Data excerpts:
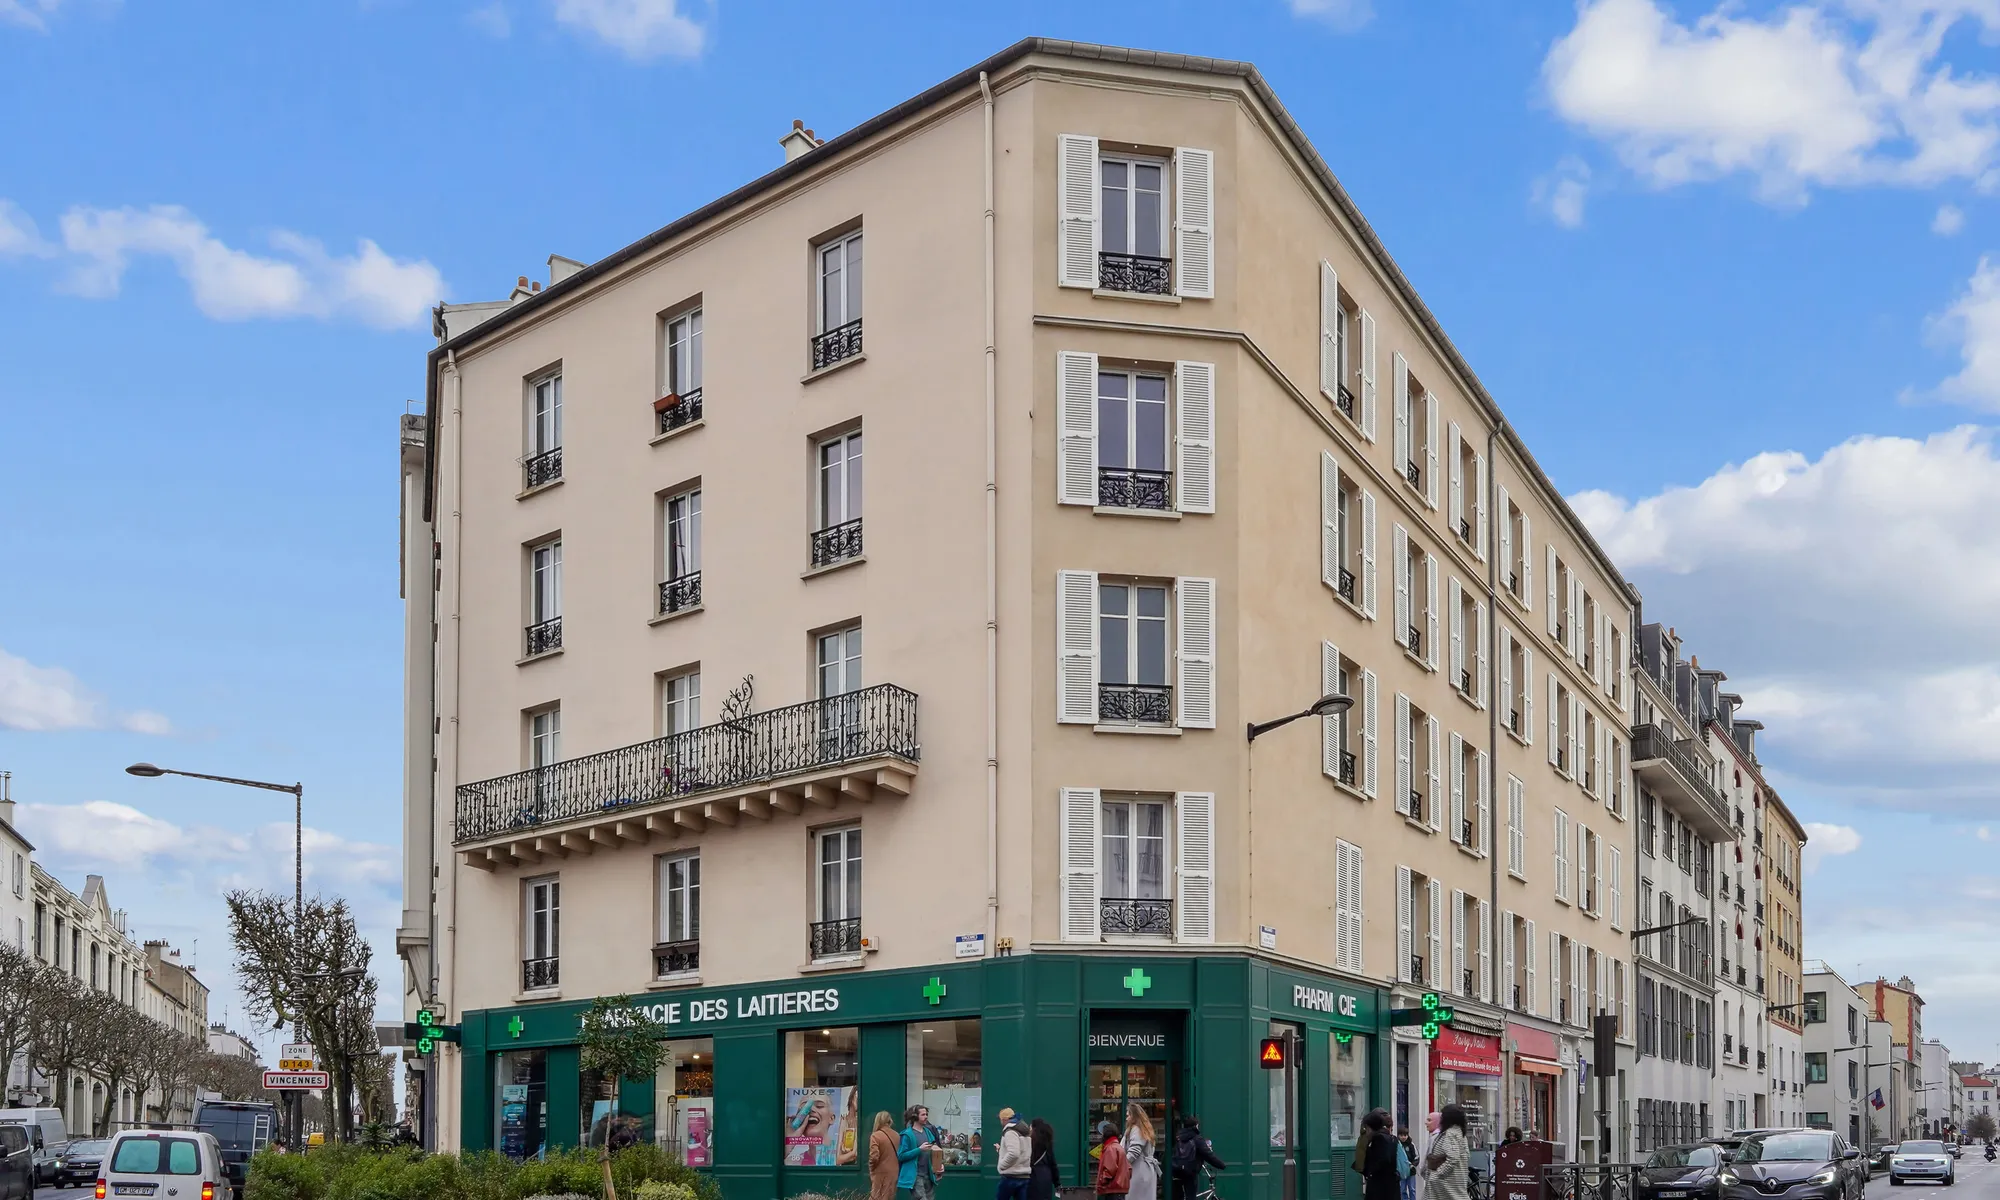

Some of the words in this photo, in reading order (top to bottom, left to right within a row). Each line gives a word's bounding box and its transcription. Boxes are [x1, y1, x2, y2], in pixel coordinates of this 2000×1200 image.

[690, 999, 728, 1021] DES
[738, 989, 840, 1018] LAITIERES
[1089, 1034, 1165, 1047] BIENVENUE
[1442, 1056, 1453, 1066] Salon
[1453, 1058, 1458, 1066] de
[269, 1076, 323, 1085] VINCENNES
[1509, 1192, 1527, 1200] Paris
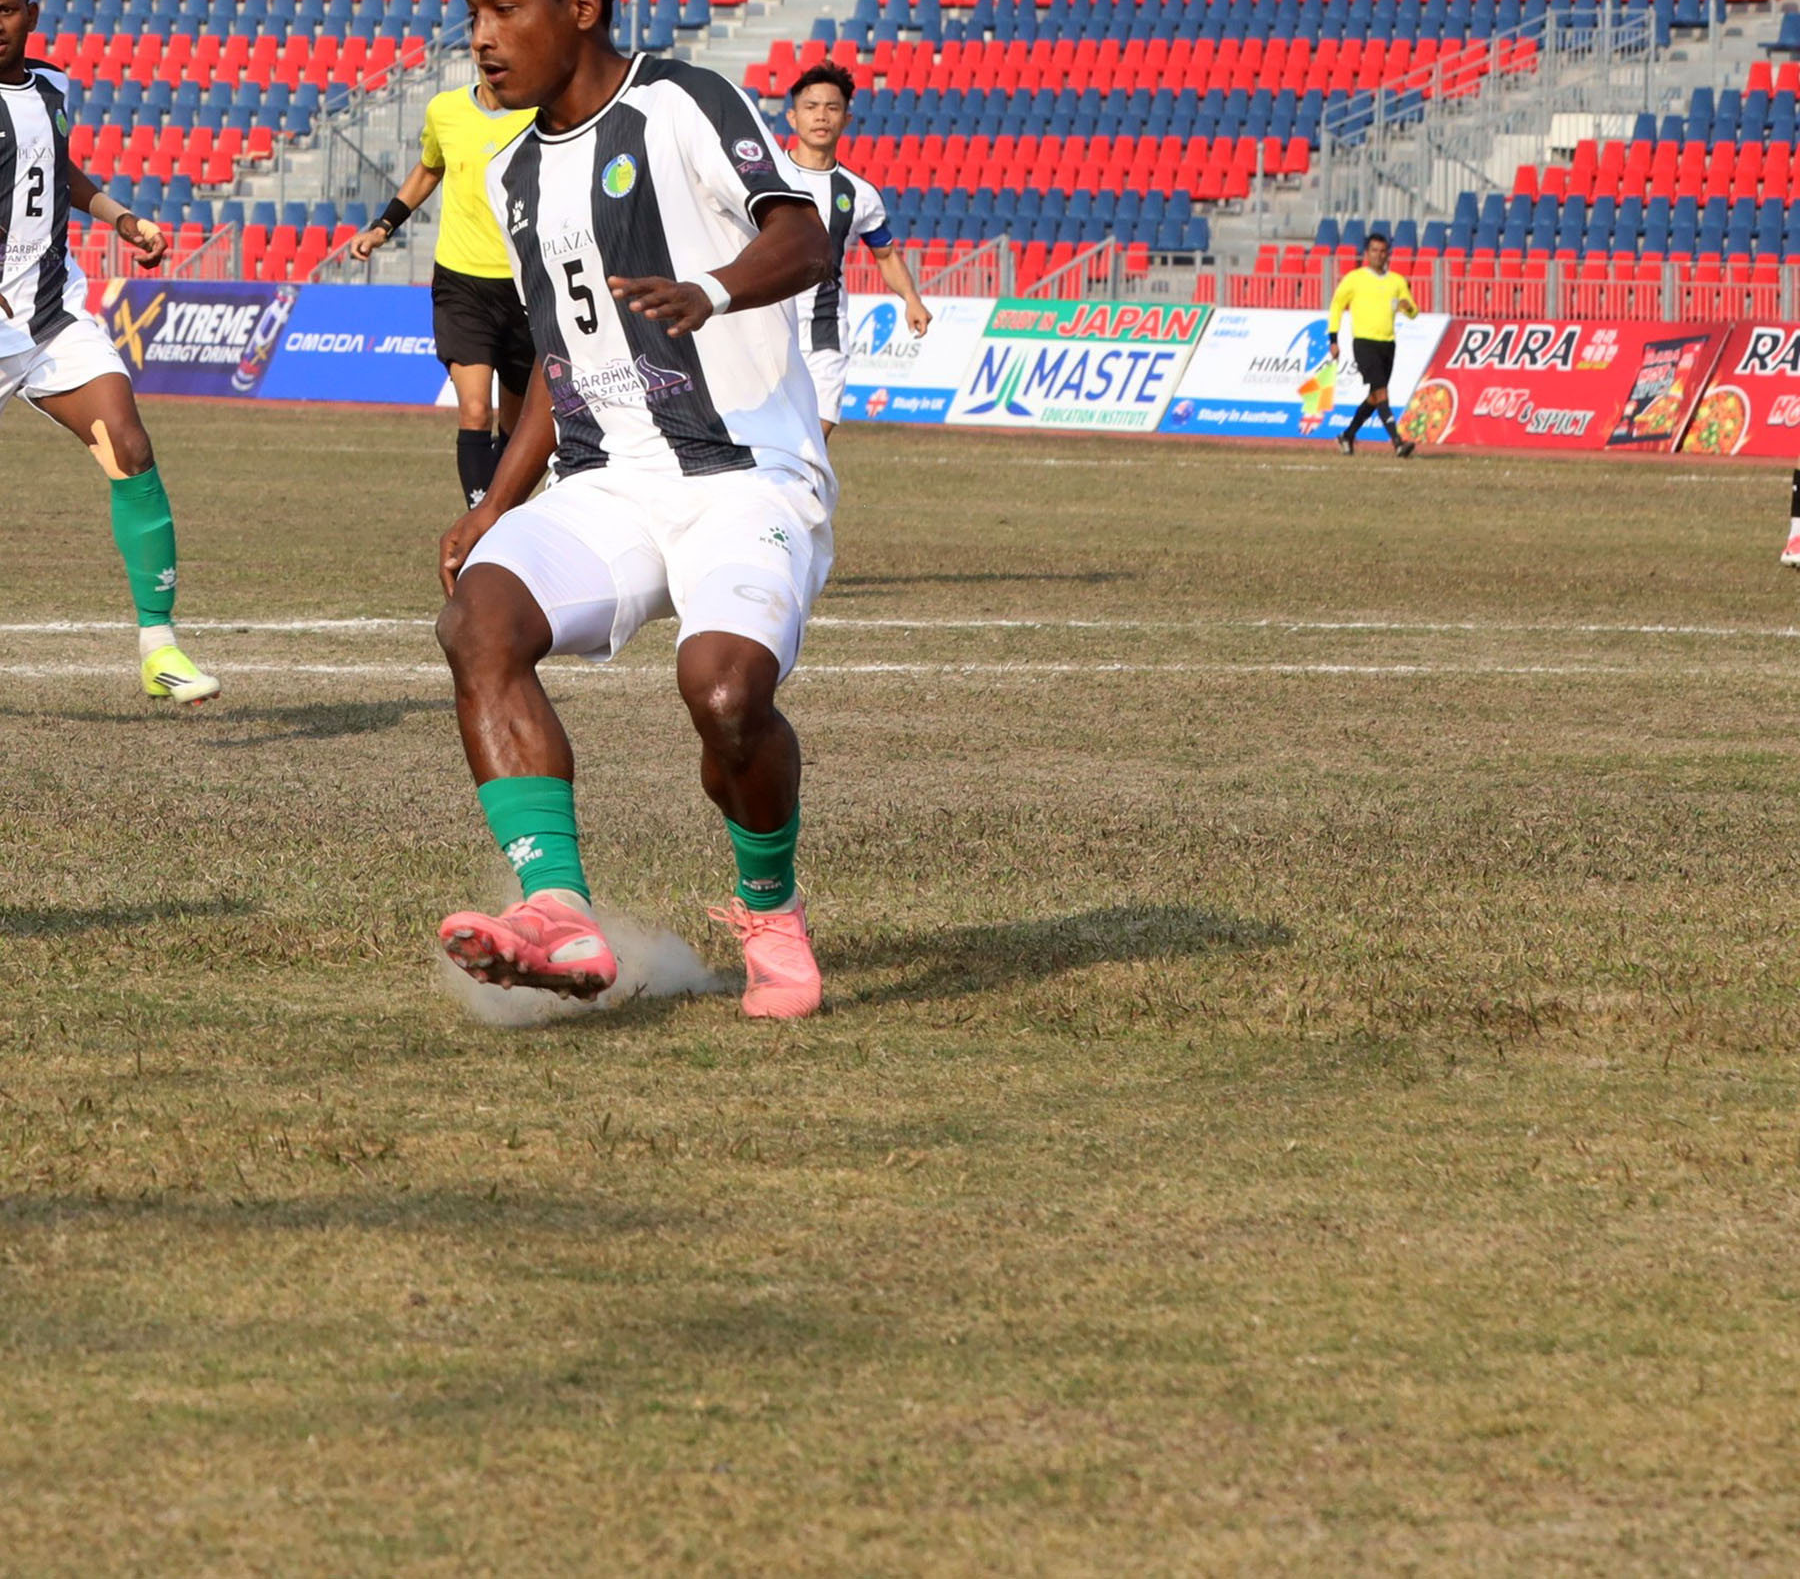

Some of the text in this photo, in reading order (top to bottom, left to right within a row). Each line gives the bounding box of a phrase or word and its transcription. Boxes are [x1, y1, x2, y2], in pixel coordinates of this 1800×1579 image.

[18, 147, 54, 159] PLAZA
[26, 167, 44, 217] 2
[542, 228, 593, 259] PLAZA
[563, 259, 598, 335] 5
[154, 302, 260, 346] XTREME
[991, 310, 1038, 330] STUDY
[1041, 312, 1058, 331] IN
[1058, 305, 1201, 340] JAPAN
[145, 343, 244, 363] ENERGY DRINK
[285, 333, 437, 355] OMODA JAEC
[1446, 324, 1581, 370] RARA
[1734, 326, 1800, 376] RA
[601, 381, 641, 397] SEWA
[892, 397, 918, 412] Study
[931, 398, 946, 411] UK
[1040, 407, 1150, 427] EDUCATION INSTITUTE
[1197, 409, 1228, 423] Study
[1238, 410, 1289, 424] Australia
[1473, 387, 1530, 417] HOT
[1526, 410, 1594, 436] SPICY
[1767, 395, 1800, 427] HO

Exercise goal:
Leave out the pictures, then give all the records again exactly.

Answer area:
Some of the words in this photo, in reading order (top to bottom, left to right within a row). Each line gives a word's bounding box and its transcription. Boxes are [x1, y1, x2, y2], in pixel coordinates of this 2000×1200 image.

[690, 999, 728, 1021] DES
[738, 989, 840, 1018] LAITIERES
[1089, 1034, 1165, 1047] BIENVENUE
[1442, 1056, 1453, 1066] Salon
[1453, 1058, 1458, 1066] de
[269, 1076, 323, 1085] VINCENNES
[1509, 1192, 1527, 1200] Paris

Some of the text in this photo, in reading order (top to bottom, left to right within a row). Each line gives the bounding box of a phrase or word and its transcription. Boxes are [x1, y1, x2, y2], in pixel coordinates of this 1800×1579 image.

[18, 147, 54, 159] PLAZA
[26, 167, 44, 217] 2
[542, 228, 593, 259] PLAZA
[563, 259, 598, 335] 5
[154, 302, 260, 346] XTREME
[991, 310, 1038, 330] STUDY
[1041, 312, 1058, 331] IN
[1058, 305, 1201, 340] JAPAN
[145, 343, 244, 363] ENERGY DRINK
[285, 333, 437, 355] OMODA JAEC
[1446, 324, 1581, 370] RARA
[1734, 326, 1800, 376] RA
[601, 381, 641, 397] SEWA
[892, 397, 918, 412] Study
[931, 398, 946, 411] UK
[1040, 407, 1150, 427] EDUCATION INSTITUTE
[1197, 409, 1228, 423] Study
[1238, 410, 1289, 424] Australia
[1473, 387, 1530, 417] HOT
[1526, 410, 1594, 436] SPICY
[1767, 395, 1800, 427] HO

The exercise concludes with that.